Then I pulled out the Northern beans I was soaking for soup [original typo: soap] and tried to figure out what to do with them given that the local grocery store didn't have a ham bone. Seriously. They had ham hocks... SMOKED ones. Last time I substituted meat-that-had-had-something-done-to-it for meat in a recipe I was very sorry. So I turned that into a sort of Tuscan white bean and sausage soup. Do you have any idea how hard it is to concentrate on chopping up stuff for soup when the aroma of banana bread is taking over your brain?

Now I could start a yeast bread dough rising, and I should, soon, if I want fondue tonight, but I'm restin' my feet for a bit.

Time for a poll:

[Poll #1143214]
Saturday, February 23rd, 2008 09:53 pm (UTC)
Huh. I know squat about corned beef, so thanks for the info! That explains why the major result I experienced was YIKES THIS IS WAY TOO SALTY TO EAT. :)

I was a bit worried about the smoke flavor. I should note that I don't know how smoked ham hocks SHOULD look, but those things looked like they'd been smoked for weeks.
Saturday, February 23rd, 2008 10:29 pm (UTC)
Yup. There's probably a reason that the usual way of preparing corned beef (so far as I'm familiar with, anyhow) is to boil it with lots of water (and usually with cabbages, carrots, onions, potatoes, etc.) for several hours. The boiling undoubtably leaches out quite a lot of the salt in the beef.
Saturday, February 23rd, 2008 10:50 pm (UTC)
The potatoes help pull out some of the salt.
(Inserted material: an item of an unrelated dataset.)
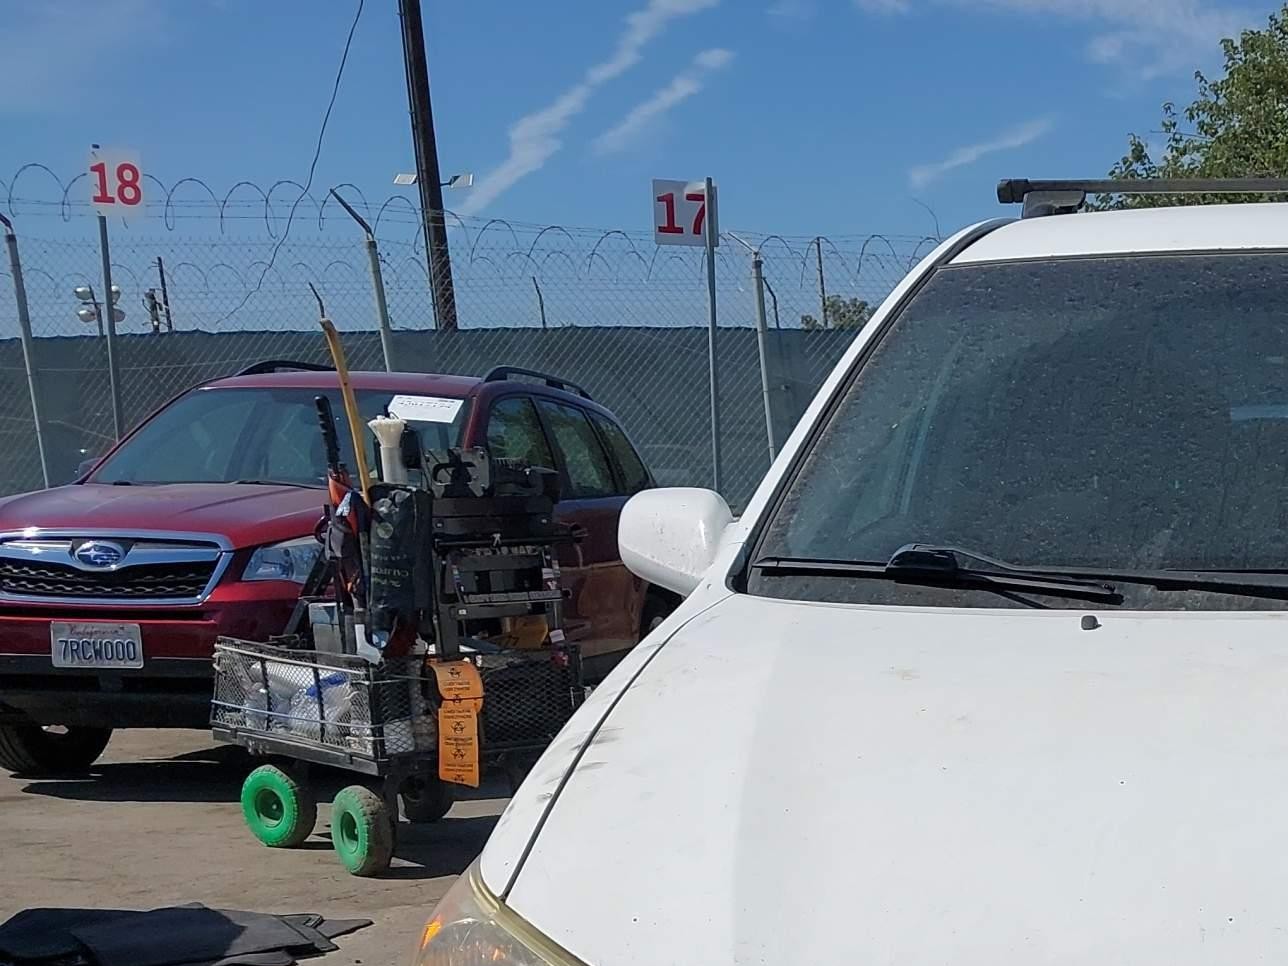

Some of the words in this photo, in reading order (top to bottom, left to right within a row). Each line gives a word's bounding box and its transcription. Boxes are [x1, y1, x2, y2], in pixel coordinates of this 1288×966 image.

[89, 162, 142, 206] 18
[656, 192, 706, 236] 17
[58, 639, 137, 661] 7RCW000
If things are ever OMFGBBQ too salty, toss a potato in. Cook for a while. Remove potato and add to compost pile. Do not eat it. A sacrificial potato can pull out some salt and sometimes bring something back from the inedible. However, there are situations beyond what even a potato can fix.

Another thing for insanely salty meats... rinse and presoak to get some salt out. This is also good for things like capers and sauerkraut, otherwise their salty flavor will take over the world.
Sunday, February 24th, 2008 12:37 am (UTC)
I wouldn't put something that salty into my compost pile! Methinks the plants wouldn't like all that salt... The basic potato idea is sound, though.
Sunday, February 24th, 2008 02:11 am (UTC)
Point taken. It might make the rest of the pile Unhappy.

I don't know what to with it at that point, it's kind of food toxic waste.

But it saves the meal, which is FTW.
Sunday, February 24th, 2008 05:30 am (UTC)
On general principle it seems that the ocean might like a salty potato. But in practical terms, I don't know what that means: put it down the disposal, toss it over the gunwale, what? :)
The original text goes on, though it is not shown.